The symbolism of the lily can be traced back to ancient times and plays a significant role in various cultures across the globe. From beauty to enlightenment, they represent emotions and ideas based on different cultures and in various countries.
The lily (symbol of Upper Egypt) was teamed with the papyrus flower, which was symbolic of Lower Egypt. It was used to denote a united country. Ancient Egyptians also had high regard for the blue water lily, which they regarded as a representation of the Sun and a symbol of rebirth.
According to Buddhism, enlightenment is associated with this blossom. Different colored water lilies have different representations according to the ancient Buddhists, and the practice is still carried out.
For instance, a red lily connotes love and passion and is considered to be the lotus of the heart.
The iconography of the purple lily is mystic power, while the white lily symbolizes purity. The highest deity is represented with a pink lily, and blue lilies are associated with knowledge.
The Hindus associate the water lily with resurrection.
This is because at night symbolizing darkness, the lilies close their blossoms and open their rays with the first ray of the sun. It is also a symbol of purity because even though the plant grows in mud, the flower is pure and free from blemishes.
In Western cultures, eloquence or gracefulness and estranged love are symbolically represented by water lilies while the Chinese associate it with weddings.
A few years ago, there used to be myriad small and large ponds filled with red, blue & white water lilies on both sides of the highway connecting Cuttack and Bhubaneswar in the state of Odisha/India.
The water bodies were set against the lush green backdrop of paddy fields and the drive used to be pleasing to the eye.
One lazy summer day, I decided to stop by a pond and collect some lily rhizomes & plant them in the lily pool in my garden.
That was the easy part but growing them in the garden pool proved to be a difficult story.
As soon as the lily leaves grew, the tilapia fish would gobble them voraciously.
I kept waiting patiently for the lily to thrive, instead, the tilapia were growing fatter & fatter. My dad had a solution. Tilapia fish fry for lunch, to help the lilies grow in the pool but I refused.
After all, the tilapia fish were the first residents of the pool & the lilies came much later.
A couple of years passed by and I was resigned to the water lilies ever flowering in my garden.
In today’s world, it’s not easy to be patient. We don’t like to wait.
Thanks to the internet we’ve created a world where we can learn languages in a jiffy and grasp intricate practices over weekend workshops and feel we have become experts in a chosen field overnight.

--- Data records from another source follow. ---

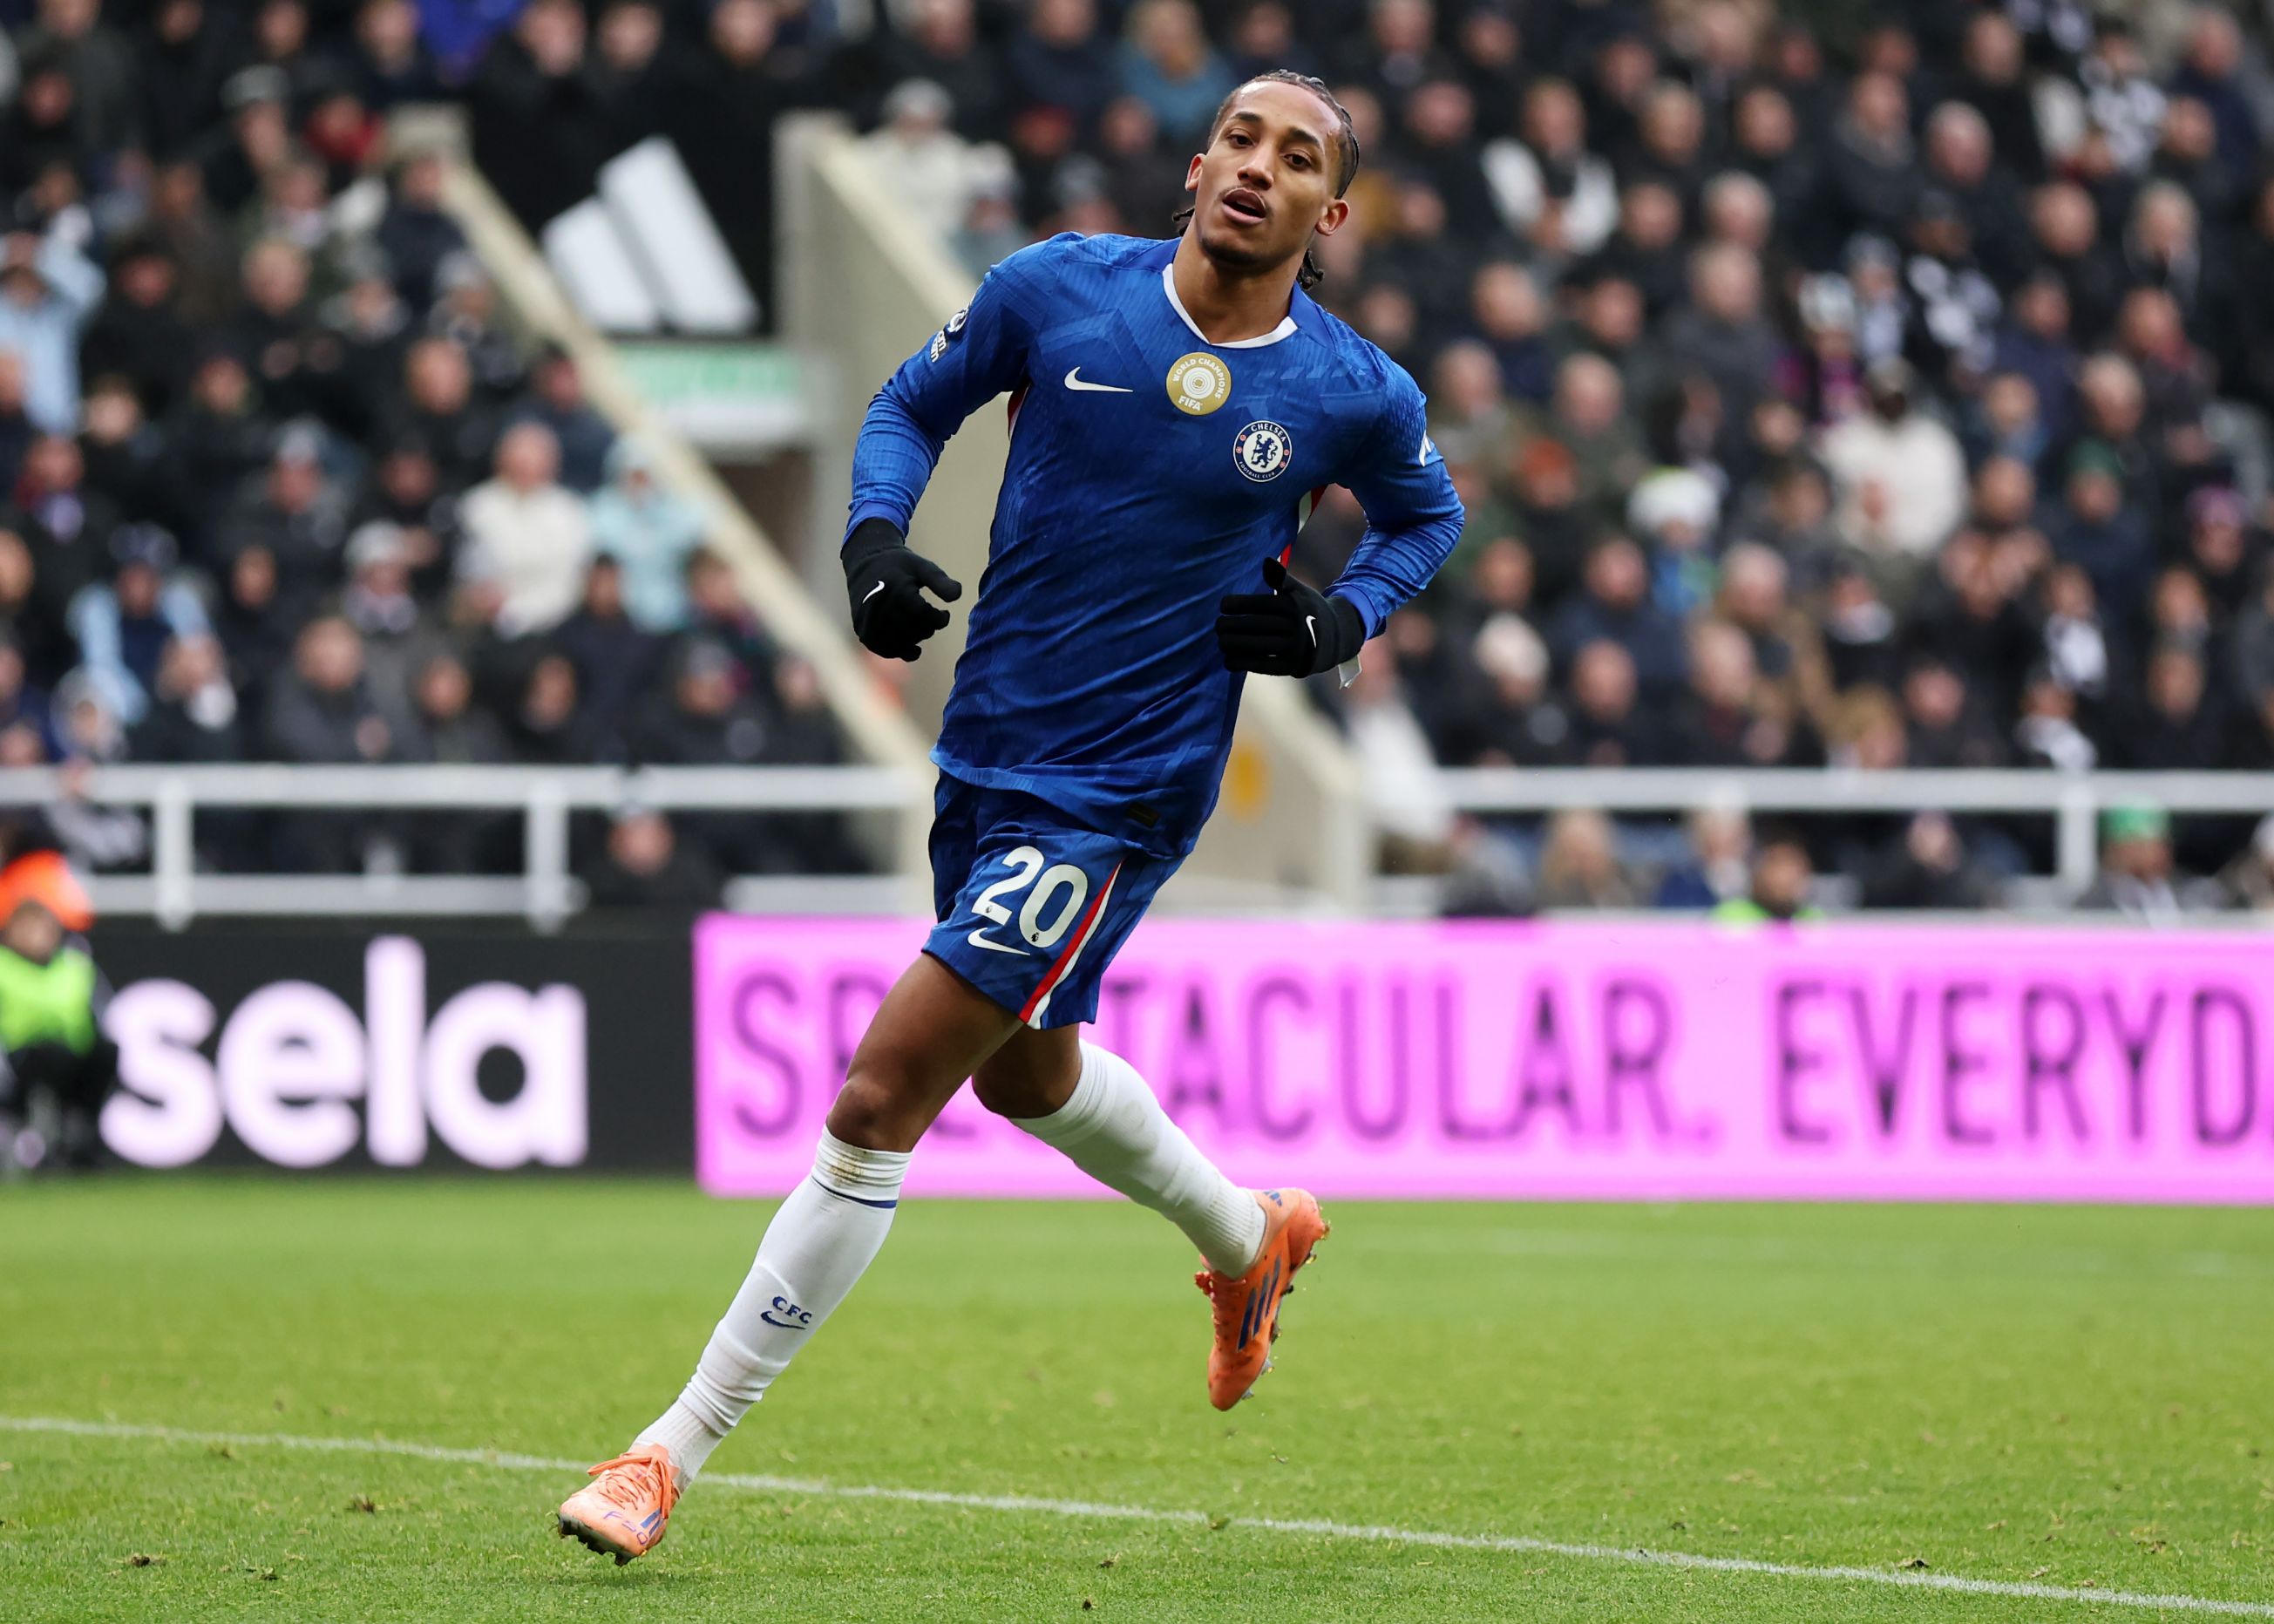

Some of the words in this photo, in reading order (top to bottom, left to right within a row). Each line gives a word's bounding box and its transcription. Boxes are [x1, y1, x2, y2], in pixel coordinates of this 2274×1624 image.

[1172, 358, 1197, 382] WORLD
[1198, 357, 1225, 399] CHAMPIONS
[1178, 395, 1202, 411] FIFA
[1251, 423, 1286, 442] CHELSEA
[971, 846, 1089, 948] 20
[99, 934, 587, 1169] sela
[732, 974, 1717, 1143] STACULAR.
[1776, 982, 2274, 1145] EVERYD
[772, 1295, 812, 1324] CFC

Every time my patience grew thin, I would remind myself that I had done my best & sown the lily rhizomes in good soil with consistent love and discipline.
So I kept my fingers crossed, praying faithfully, reminding myself that something, while not noticeable on the surface, is brewing. And in due time, I will reap my harvest.

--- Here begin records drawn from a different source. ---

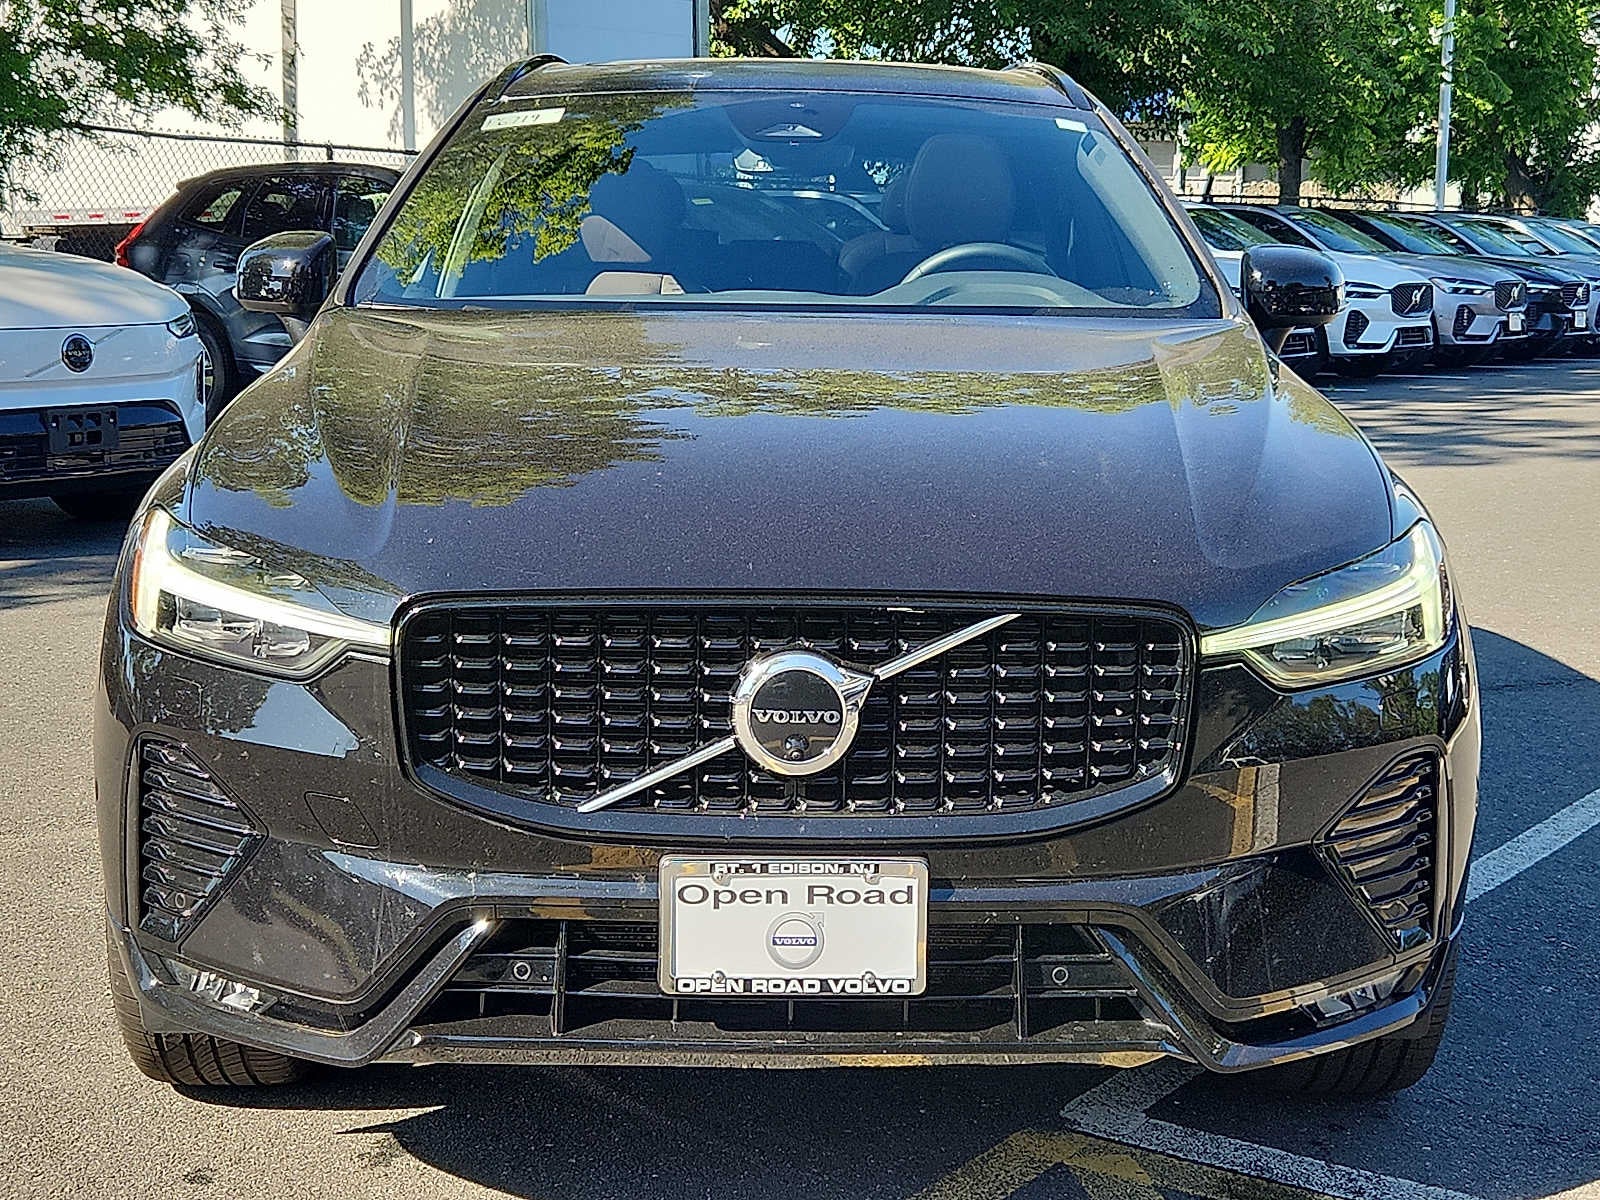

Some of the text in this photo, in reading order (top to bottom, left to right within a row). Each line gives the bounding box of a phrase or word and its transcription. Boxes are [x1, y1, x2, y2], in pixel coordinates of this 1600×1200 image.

[752, 709, 841, 724] VOLVO
[714, 863, 745, 874] RT.
[752, 863, 762, 874] 1
[851, 863, 876, 874] NJ
[677, 884, 913, 909] Open Road
[774, 937, 816, 946] VOLVO
[677, 978, 911, 993] OPEN ROAD VOLVO

As humans, many times, we find ourselves rushing through life looking forward to the next “exciting” event.
We often forget to slow down and enjoy the ride.

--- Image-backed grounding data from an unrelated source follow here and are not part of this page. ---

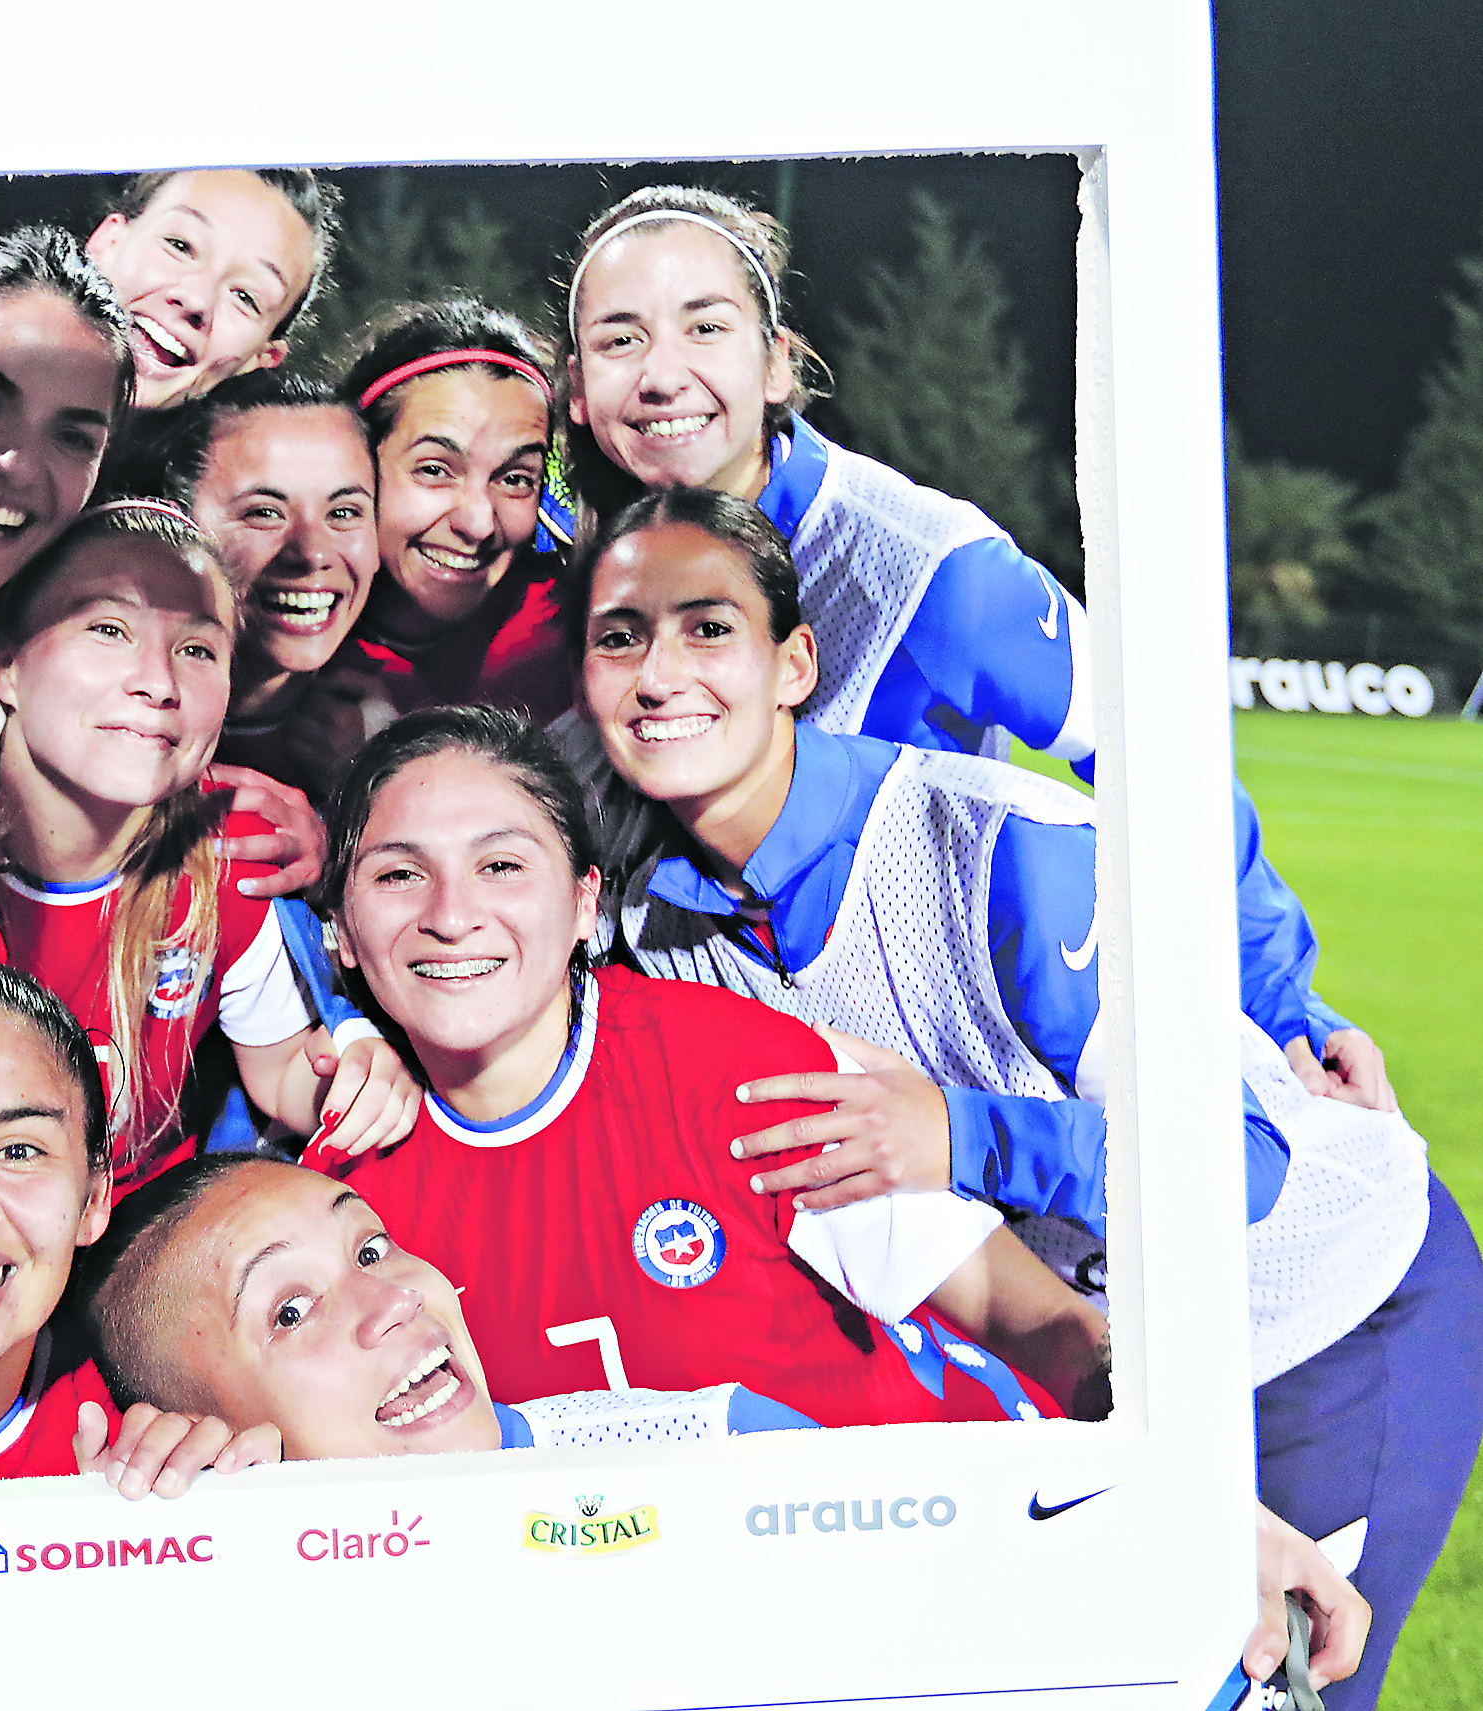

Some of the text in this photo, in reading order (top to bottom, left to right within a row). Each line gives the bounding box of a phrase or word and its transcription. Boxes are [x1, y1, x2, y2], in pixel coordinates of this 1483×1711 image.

[1230, 656, 1435, 718] rauco
[530, 1510, 651, 1548] CRISTAL
[745, 1495, 957, 1536] arauco
[16, 1535, 213, 1573] SODIMAC
[297, 1528, 409, 1561] Claro

One fine morning, I woke up to see a miracle. Overnight a single lily had bloomed.
My joy knew no bounds & I rushed to capture the moment & show it to my mother.
Over the years, Dad had passed away & Ma was on a walker but when I showed her the photo on my cell phone, she remembered my dad & how disdainful he was of my "lily adventure" and we both smiled. The next day I laughed seeing two blooms & then there were many pink lilies flowering.
The water lilies in my garden pool showed me how beautiful and amazing life is when we patiently wait through each stage. Nature allows us to discover ourselves.
My lesson learned: keep looking ahead, planning and designing, but remember that certain things just can't be rushed.
Ralph Waldo Emerson once said"Adopt the pace of nature. Her secret is patience".